# Task objective
For this task, output every entry below exactly and omit the pictures.

# Free-text object descriptions
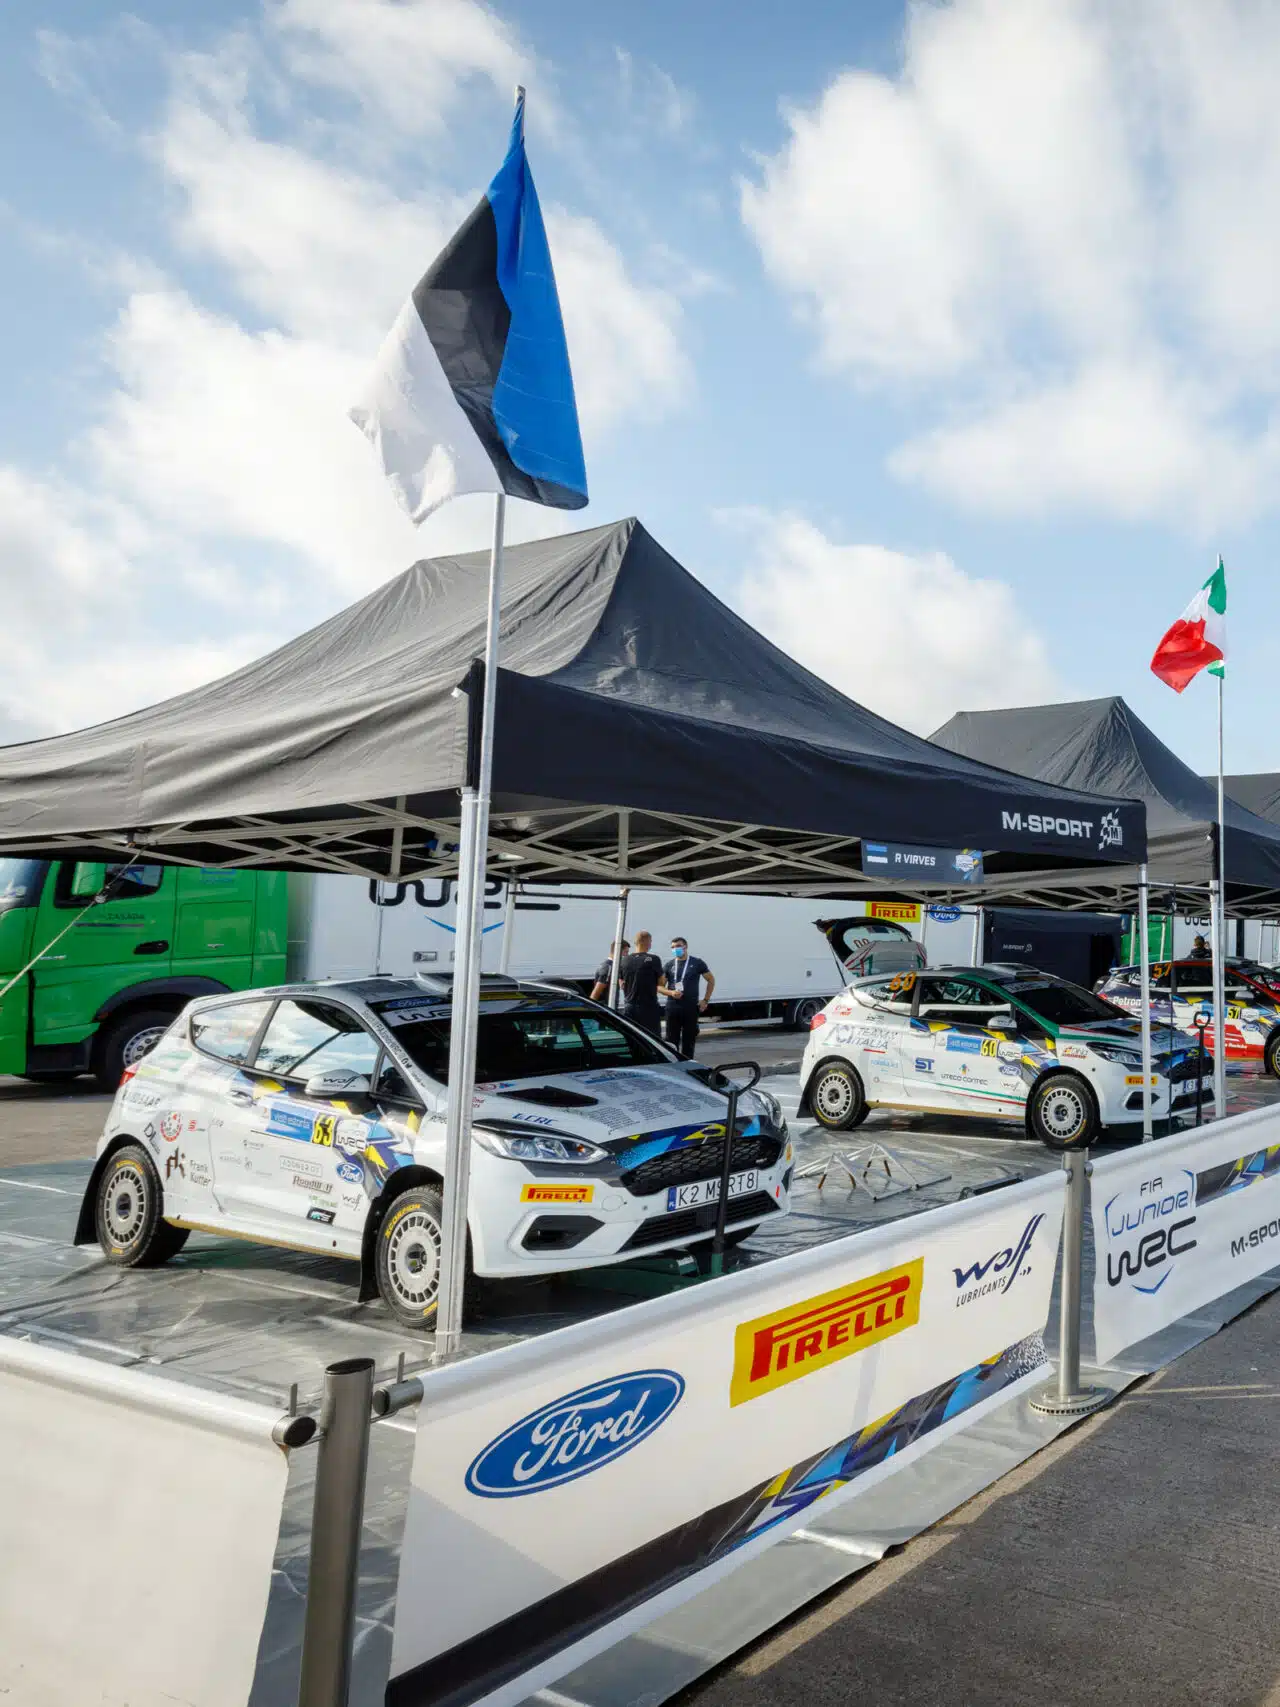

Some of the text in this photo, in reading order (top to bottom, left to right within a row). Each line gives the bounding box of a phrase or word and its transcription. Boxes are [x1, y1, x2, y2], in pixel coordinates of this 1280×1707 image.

[1002, 811, 1093, 838] M-SPORT
[895, 853, 936, 866] R VIRVES
[872, 903, 917, 918] PIRELLI
[1152, 962, 1173, 978] 57
[889, 971, 917, 991] 60
[1228, 1007, 1240, 1019] 57
[982, 1039, 997, 1057] 60
[915, 1058, 935, 1070] ST
[313, 1115, 335, 1146] 63
[340, 1165, 361, 1181] Ford
[528, 1187, 588, 1201] PIRELLI
[678, 1184, 700, 1207] K2
[1140, 1177, 1163, 1196] FIA
[1111, 1190, 1189, 1237] JUNIOR
[952, 1213, 1045, 1295] wolf
[1107, 1216, 1197, 1287] WRC
[956, 1275, 1007, 1308] LUBRICANTS
[750, 1275, 910, 1383] PIRELLI
[512, 1389, 652, 1480] Ford
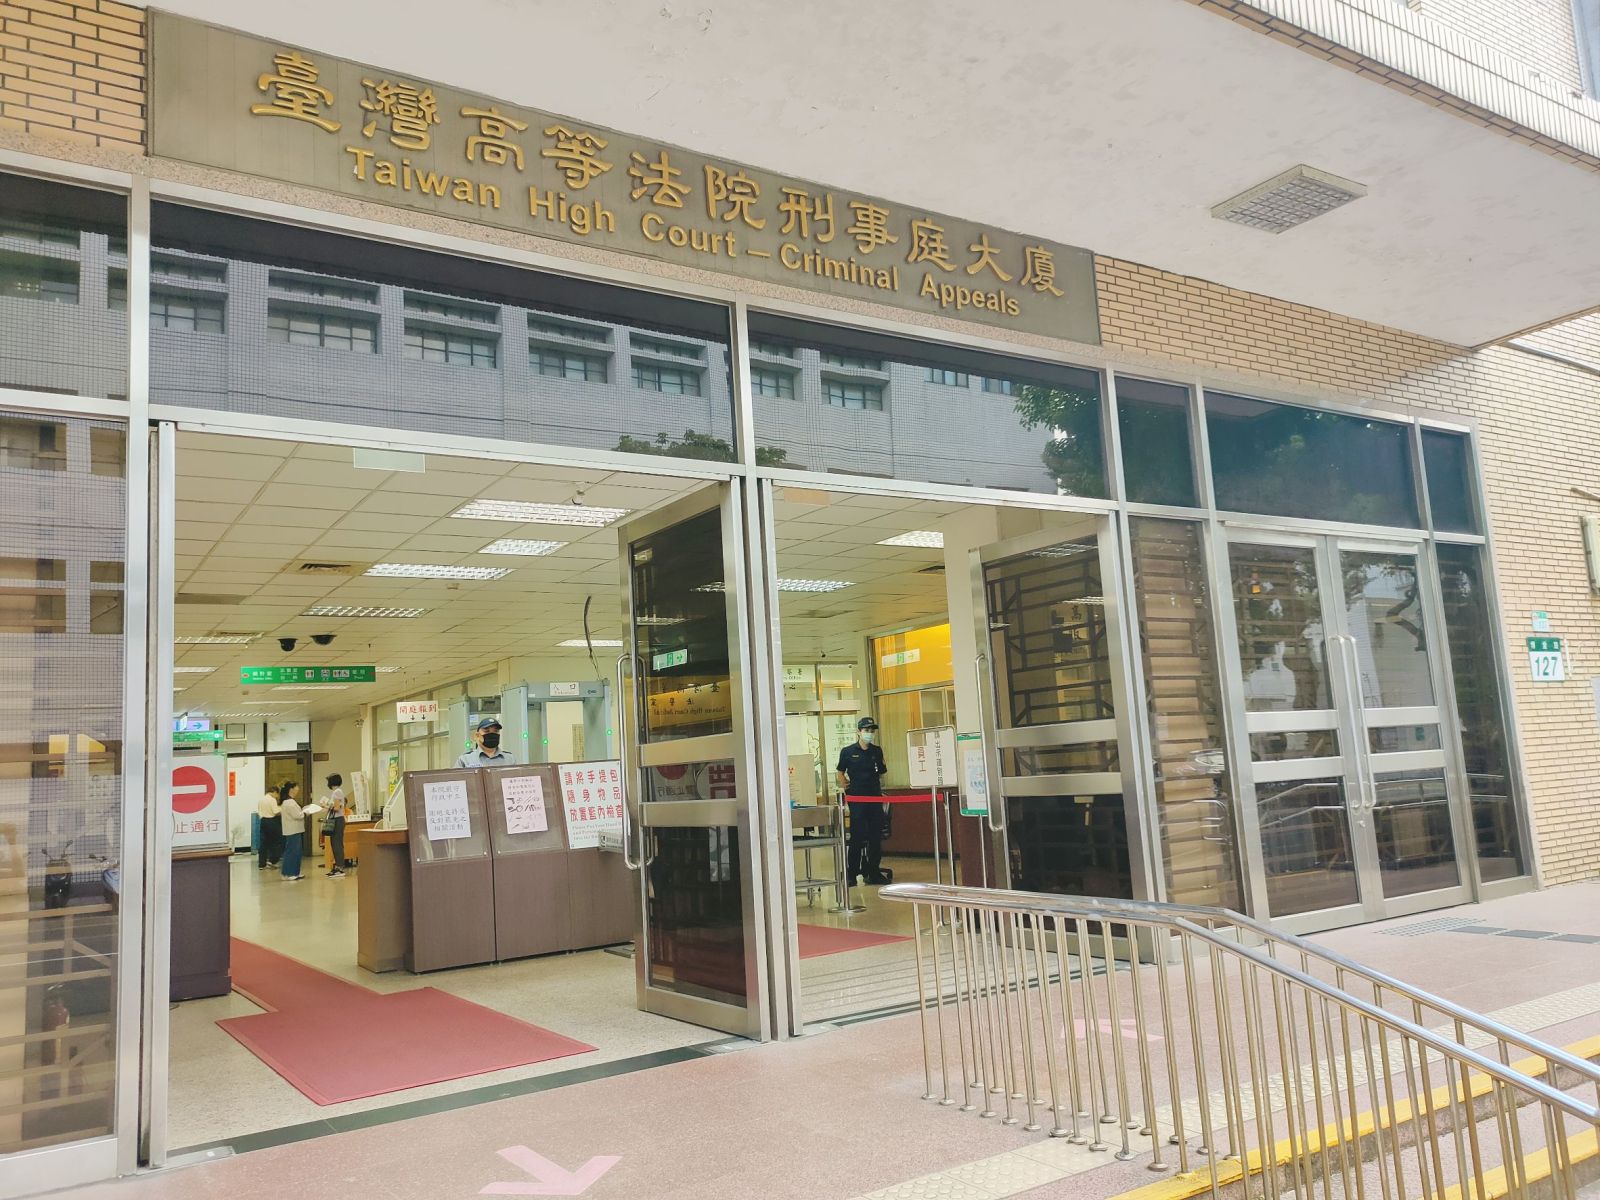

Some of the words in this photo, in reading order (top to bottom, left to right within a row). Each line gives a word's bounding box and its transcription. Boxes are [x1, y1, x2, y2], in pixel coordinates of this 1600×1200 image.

[250, 51, 1065, 297] 臺灣高等法院刑事庭大廈
[346, 145, 501, 208] Taiwan
[528, 186, 616, 235] High
[641, 213, 736, 258] Court
[780, 241, 899, 291] Criminal
[920, 272, 1020, 316] Appeals
[1535, 656, 1557, 676] 127
[399, 702, 437, 714] 開庭報到
[564, 769, 619, 786] 請將手提包
[567, 786, 621, 804] 隨身物品

# Response area
Some of the text in this photo, in reading order (top to bottom, left to right within a row). Each line gives the bounding box of a phrase or word and its transcription. Boxes are [x1, y1, x2, y2], in pixel coordinates of this 1280×1707 image.

[1002, 811, 1093, 838] M-SPORT
[895, 853, 936, 866] R VIRVES
[872, 903, 917, 918] PIRELLI
[1152, 962, 1173, 978] 57
[889, 971, 917, 991] 60
[1228, 1007, 1240, 1019] 57
[982, 1039, 997, 1057] 60
[915, 1058, 935, 1070] ST
[313, 1115, 335, 1146] 63
[340, 1165, 361, 1181] Ford
[528, 1187, 588, 1201] PIRELLI
[678, 1184, 700, 1207] K2
[1140, 1177, 1163, 1196] FIA
[1111, 1190, 1189, 1237] JUNIOR
[952, 1213, 1045, 1295] wolf
[1107, 1216, 1197, 1287] WRC
[956, 1275, 1007, 1308] LUBRICANTS
[750, 1275, 910, 1383] PIRELLI
[512, 1389, 652, 1480] Ford

Some of the words in this photo, in reading order (top to bottom, left to right within a row). Each line gives a word's bounding box and its transcription. Boxes are [x1, y1, x2, y2], in pixel coordinates of this 1600×1200 image.

[250, 51, 1065, 297] 臺灣高等法院刑事庭大廈
[346, 145, 501, 208] Taiwan
[528, 186, 616, 235] High
[641, 213, 736, 258] Court
[780, 241, 899, 291] Criminal
[920, 272, 1020, 316] Appeals
[1535, 656, 1557, 676] 127
[399, 702, 437, 714] 開庭報到
[564, 769, 619, 786] 請將手提包
[567, 786, 621, 804] 隨身物品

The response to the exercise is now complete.